Not every user experiences the most severe side effects, but many do have extreme itching, rashes, and outright pain at times. As they begin to examine their schedule and think about work and school, it hits them: This could be a very big deal. Holidays, gatherings, family vacations: All of these things weigh heavily on the mind of any patient heading into treatment with topical chemotherapy.
My dermatologist leaves a lot up to me
Doctors will instruct us to use the cream and specify how many times a day and for x number of weeks but, in some cases, they leave the start date up to the patient. Depending on the severity and location of my precancers, my dermatologist has given me a timeframe in which to treat but allows me to choose a starting time that works with my schedule.
I was going on vacation
When I was told I needed to treat my face, I asked my doctor if it was safe to wait a few weeks until school was out for the summer. Another time, I opted to start treatment right away because I knew we had a fall break vacation coming up, and I wanted to get done before we left.
Learning the hard way
Efudex, a topical chemotherapy, takes some time to do its magic, which is a little detail often left out in consults in the doctor’s office. I learned this lesson the hard way, I’m afraid. My first round of treatment was on my chest, and I completed it during the school year just prior to Thanksgiving break. The healing stage is the most challenging part of the process, and it hit right at the time I was trying to enjoy time with family. I promised myself then that my next round would be more carefully planned if at all possible.

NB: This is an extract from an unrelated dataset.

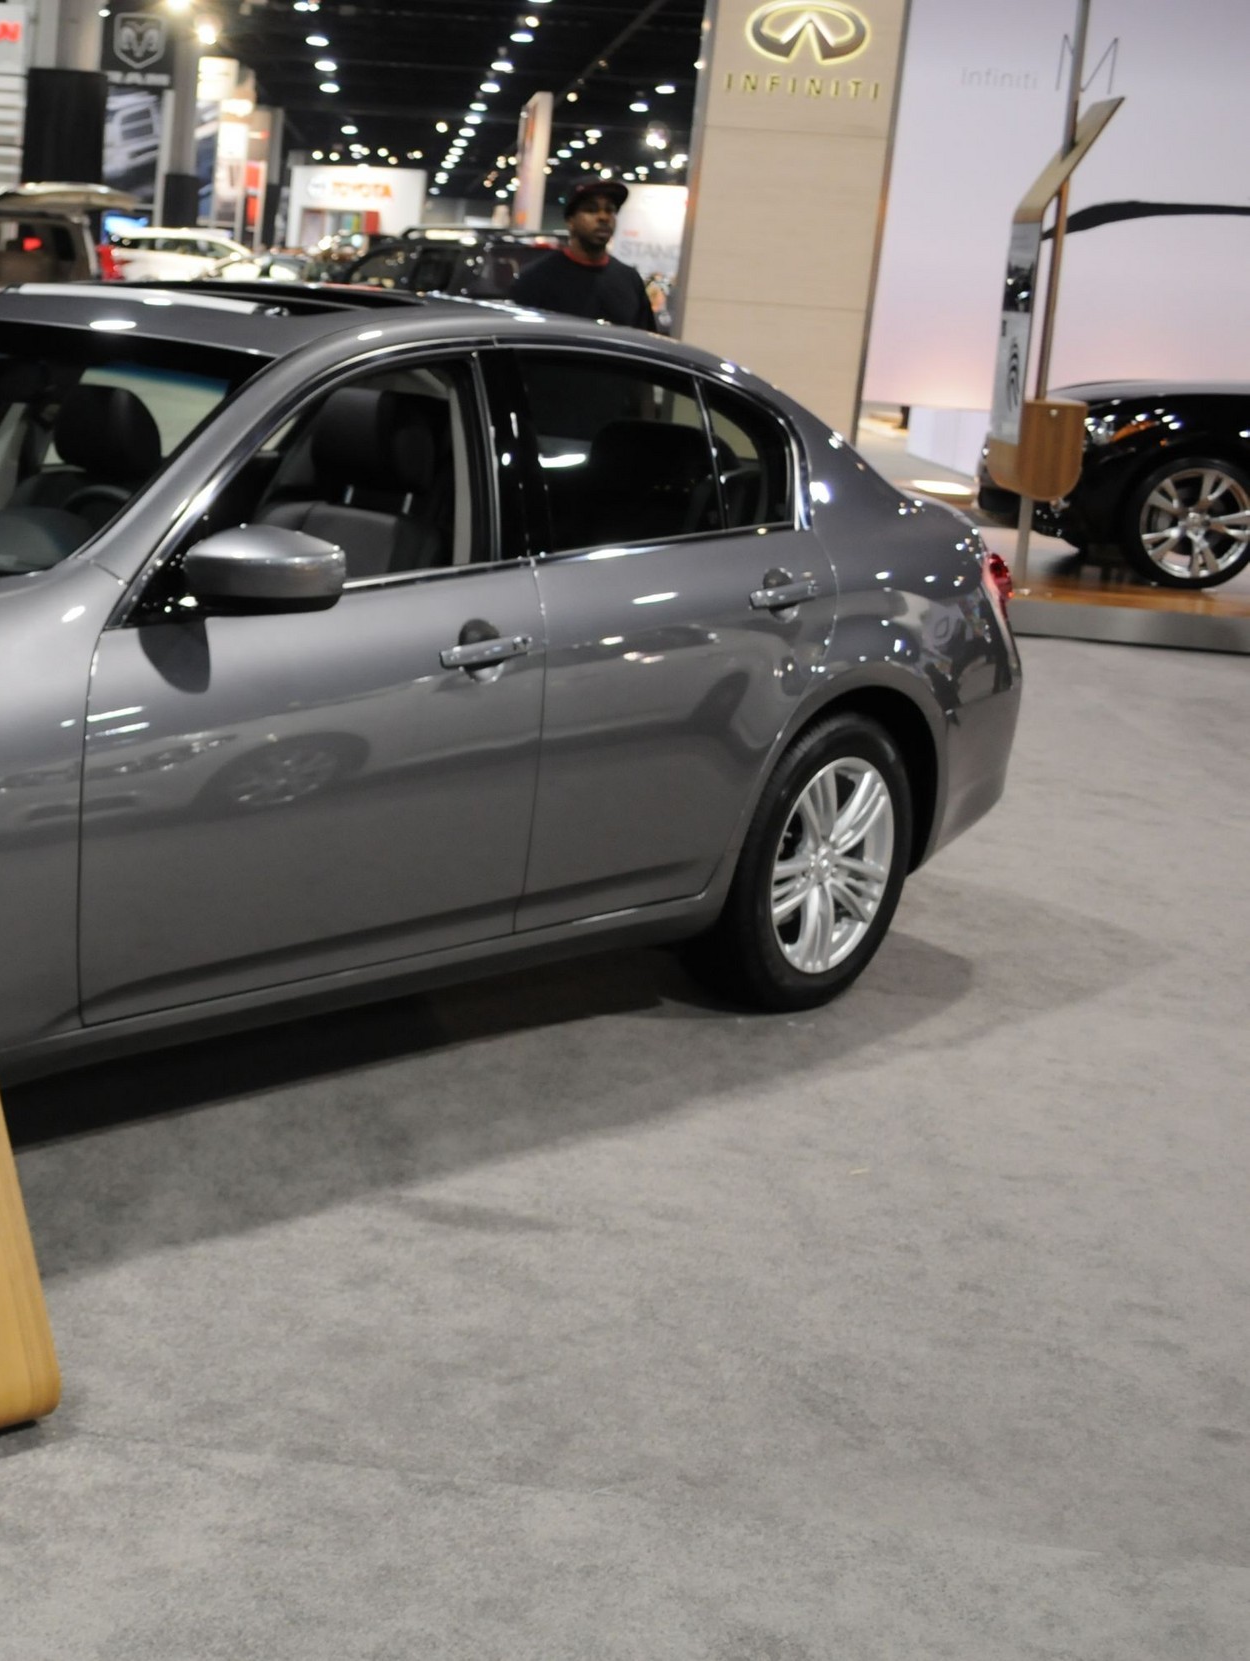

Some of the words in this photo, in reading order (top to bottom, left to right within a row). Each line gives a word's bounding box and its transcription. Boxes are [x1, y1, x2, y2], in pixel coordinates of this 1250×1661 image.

I quickly learned to do what I like to call “back-tracing.” This method gives me enough time to finish treatment before important dates. In the event my dermatologist doesn’t feel a sense of real urgency for my treatment, I plan my own treatment based on the number of weeks suggested. Knowing that I can either react very quickly or take a few weeks to see results, I try to plan treatments while taking into account the usual number of weeks it takes to see complete healing. It has taken a few years to perfect this back-tracing but I find it very helpful in maneuvering some very difficult situations like family trips and holiday gatherings.
Here's how I do my Efudex math
For example, if I am prescribed Efudex and instructed to apply daily for one month, I figure in those four weeks plus about two to three weeks of healing time. When planning a family vacation to Disneyworld a few years ago, I started treatment well ahead of the first day of our trip–six weeks to be exact. By the time we were packed and on our way, I was in the easier stage of healing with little discomfort, lingering redness, and some peeling. This was much easier than trying to battle application and constant itching and burning while very much wanting to enjoy time with my kids.
It's important to follow instructions
As with any medication prescribed by your doctor, we advise you to follow the given instructions. However, it is more than worth taking a moment to discuss concerns during your visit with your health care provider or calling the office when questions arise once you have had time to process things at home. We know not because we ask not. There is every possibility that you can plan your Efudex treatment to both yield desired results and blend with your schedule.
Do you take your personal schedule into account when it comes to Efudex treatment?